## EXERCISE DETAILS
Where an entry below contains an image, skip the image and copy the rest exactly.

(Collection entries)
◇ ◇ ◇ ◇

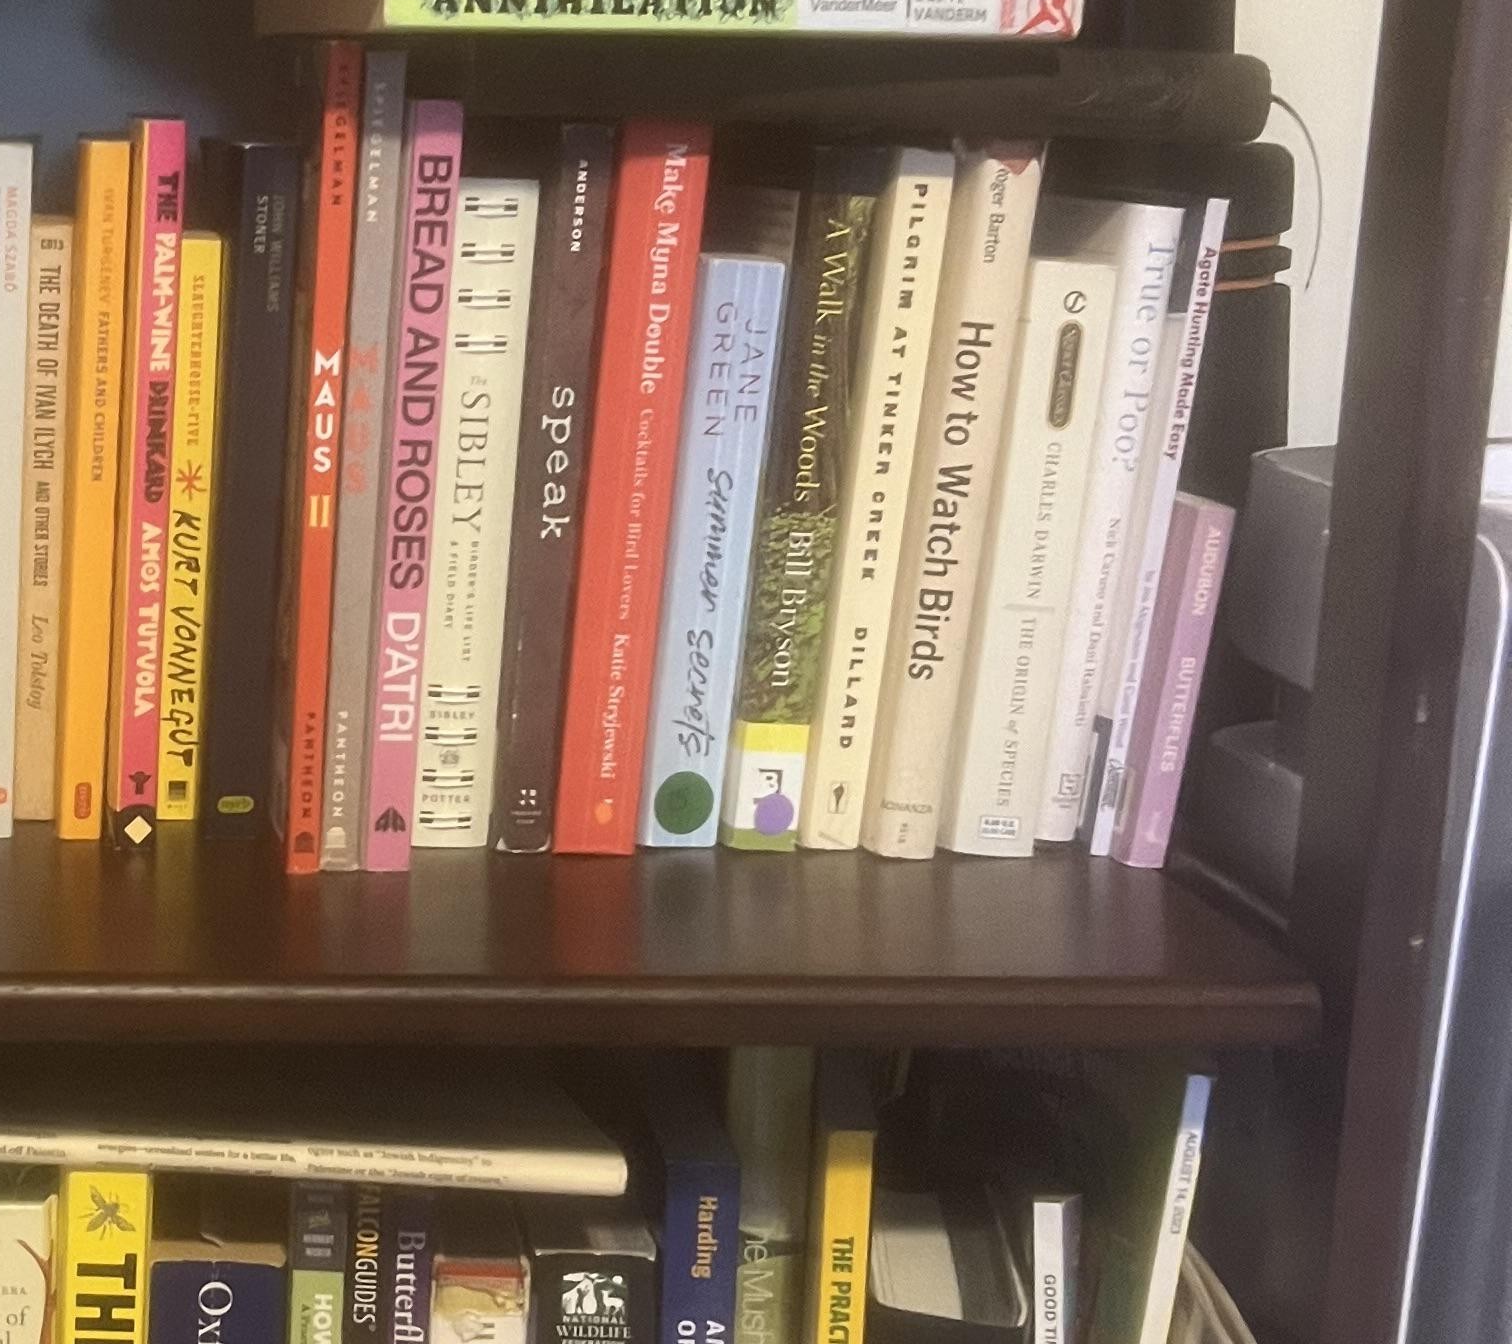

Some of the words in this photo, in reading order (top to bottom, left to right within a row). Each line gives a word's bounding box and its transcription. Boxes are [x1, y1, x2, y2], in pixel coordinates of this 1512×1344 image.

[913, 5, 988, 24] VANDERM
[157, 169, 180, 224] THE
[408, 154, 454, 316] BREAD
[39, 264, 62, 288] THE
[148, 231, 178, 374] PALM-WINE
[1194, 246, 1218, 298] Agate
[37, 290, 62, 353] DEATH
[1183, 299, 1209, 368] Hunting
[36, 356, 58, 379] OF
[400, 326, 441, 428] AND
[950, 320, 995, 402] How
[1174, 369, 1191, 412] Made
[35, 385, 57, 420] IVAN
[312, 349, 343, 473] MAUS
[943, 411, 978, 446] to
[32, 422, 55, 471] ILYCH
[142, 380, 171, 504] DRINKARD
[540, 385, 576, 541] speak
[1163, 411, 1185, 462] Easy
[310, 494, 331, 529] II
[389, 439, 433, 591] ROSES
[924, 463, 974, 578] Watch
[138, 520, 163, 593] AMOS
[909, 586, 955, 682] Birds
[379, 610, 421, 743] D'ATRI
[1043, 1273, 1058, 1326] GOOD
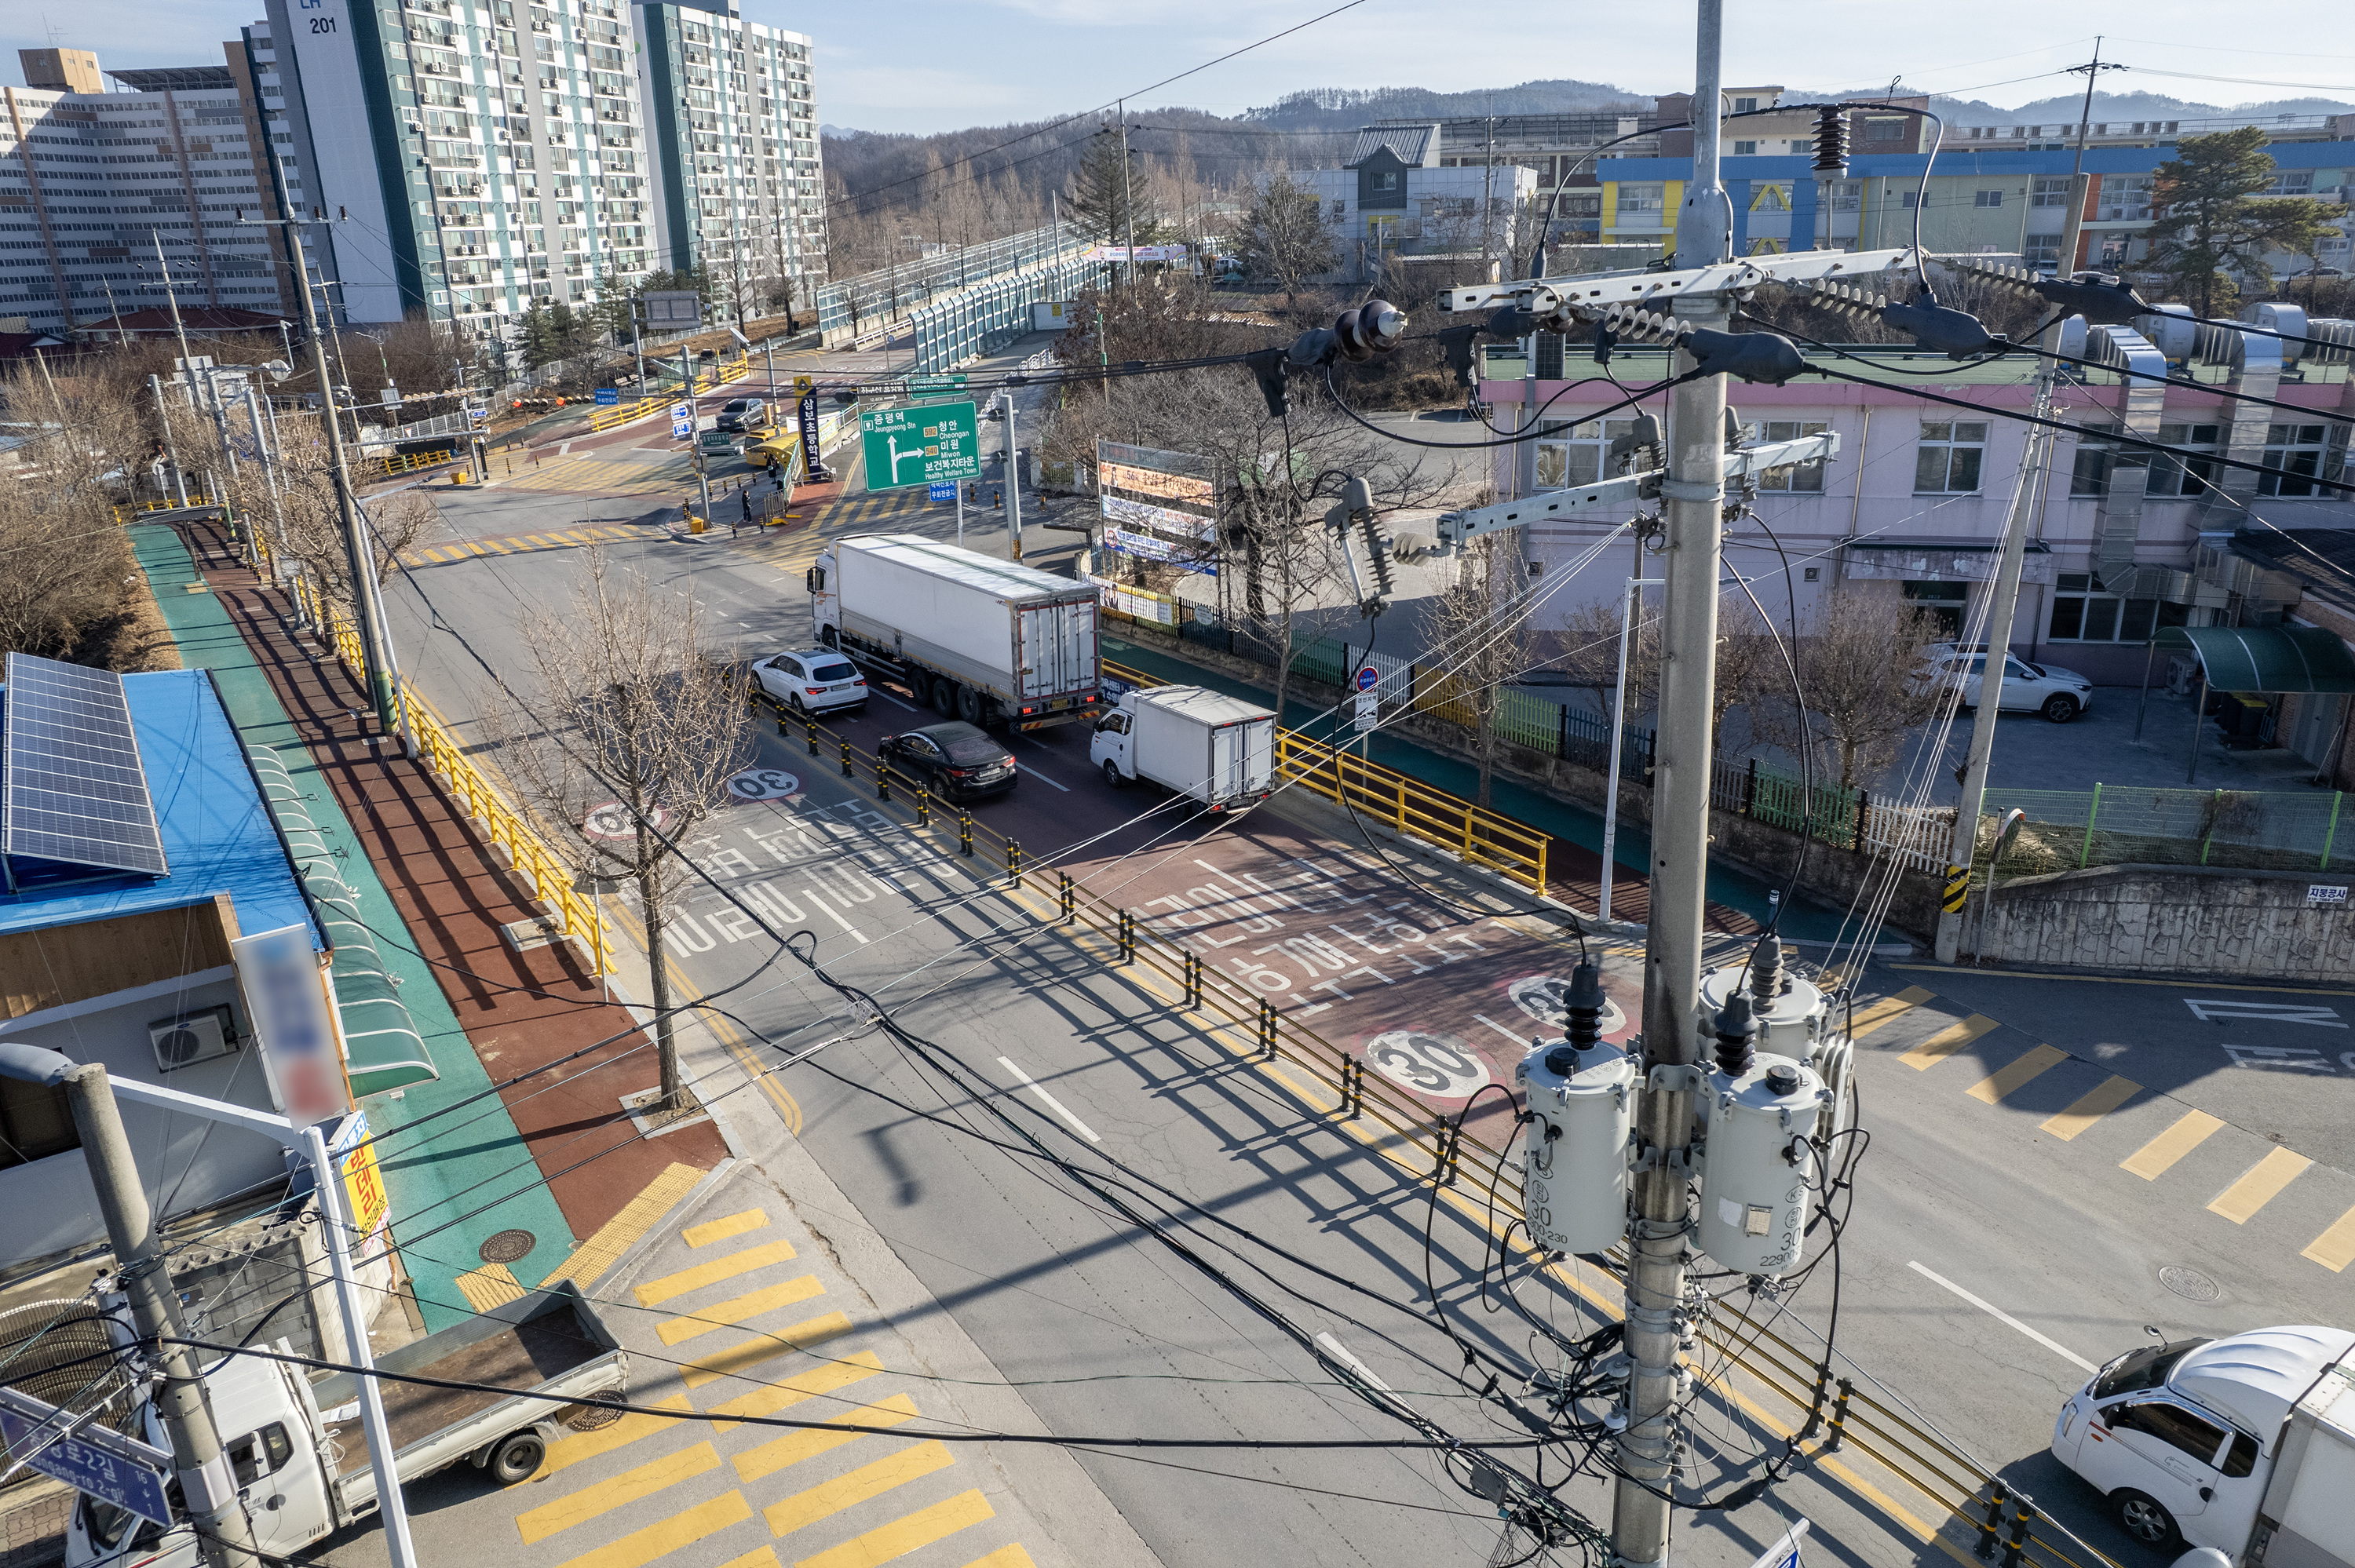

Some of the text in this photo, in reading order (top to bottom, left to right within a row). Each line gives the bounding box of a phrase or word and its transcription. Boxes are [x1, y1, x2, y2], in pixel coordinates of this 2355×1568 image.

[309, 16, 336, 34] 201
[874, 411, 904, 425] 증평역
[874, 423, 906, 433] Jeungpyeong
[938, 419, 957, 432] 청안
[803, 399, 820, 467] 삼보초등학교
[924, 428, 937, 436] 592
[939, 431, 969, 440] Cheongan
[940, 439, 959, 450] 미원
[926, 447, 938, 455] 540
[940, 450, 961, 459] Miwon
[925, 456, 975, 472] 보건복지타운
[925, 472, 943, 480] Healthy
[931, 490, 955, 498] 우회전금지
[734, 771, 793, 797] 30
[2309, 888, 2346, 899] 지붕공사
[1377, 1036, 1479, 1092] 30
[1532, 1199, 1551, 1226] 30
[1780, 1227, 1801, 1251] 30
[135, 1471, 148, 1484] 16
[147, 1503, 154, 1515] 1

◇ ◇ ◇ ◇

## EXERCISE SOLUTION
Some of the words in this photo, in reading order (top to bottom, left to right within a row). Each line gives a word's bounding box and its transcription. Boxes are [x1, y1, x2, y2], in pixel coordinates of this 1512×1344 image.

[913, 5, 988, 24] VANDERM
[157, 169, 180, 224] THE
[408, 154, 454, 316] BREAD
[39, 264, 62, 288] THE
[148, 231, 178, 374] PALM-WINE
[1194, 246, 1218, 298] Agate
[37, 290, 62, 353] DEATH
[1183, 299, 1209, 368] Hunting
[36, 356, 58, 379] OF
[400, 326, 441, 428] AND
[950, 320, 995, 402] How
[1174, 369, 1191, 412] Made
[35, 385, 57, 420] IVAN
[312, 349, 343, 473] MAUS
[943, 411, 978, 446] to
[32, 422, 55, 471] ILYCH
[142, 380, 171, 504] DRINKARD
[540, 385, 576, 541] speak
[1163, 411, 1185, 462] Easy
[310, 494, 331, 529] II
[389, 439, 433, 591] ROSES
[924, 463, 974, 578] Watch
[138, 520, 163, 593] AMOS
[909, 586, 955, 682] Birds
[379, 610, 421, 743] D'ATRI
[1043, 1273, 1058, 1326] GOOD

Some of the text in this photo, in reading order (top to bottom, left to right within a row). Each line gives the bounding box of a phrase or word and its transcription. Boxes are [x1, y1, x2, y2], in pixel coordinates of this 2355×1568 image.

[309, 16, 336, 34] 201
[874, 411, 904, 425] 증평역
[874, 423, 906, 433] Jeungpyeong
[938, 419, 957, 432] 청안
[803, 399, 820, 467] 삼보초등학교
[924, 428, 937, 436] 592
[939, 431, 969, 440] Cheongan
[940, 439, 959, 450] 미원
[926, 447, 938, 455] 540
[940, 450, 961, 459] Miwon
[925, 456, 975, 472] 보건복지타운
[925, 472, 943, 480] Healthy
[931, 490, 955, 498] 우회전금지
[734, 771, 793, 797] 30
[2309, 888, 2346, 899] 지붕공사
[1377, 1036, 1479, 1092] 30
[1532, 1199, 1551, 1226] 30
[1780, 1227, 1801, 1251] 30
[135, 1471, 148, 1484] 16
[147, 1503, 154, 1515] 1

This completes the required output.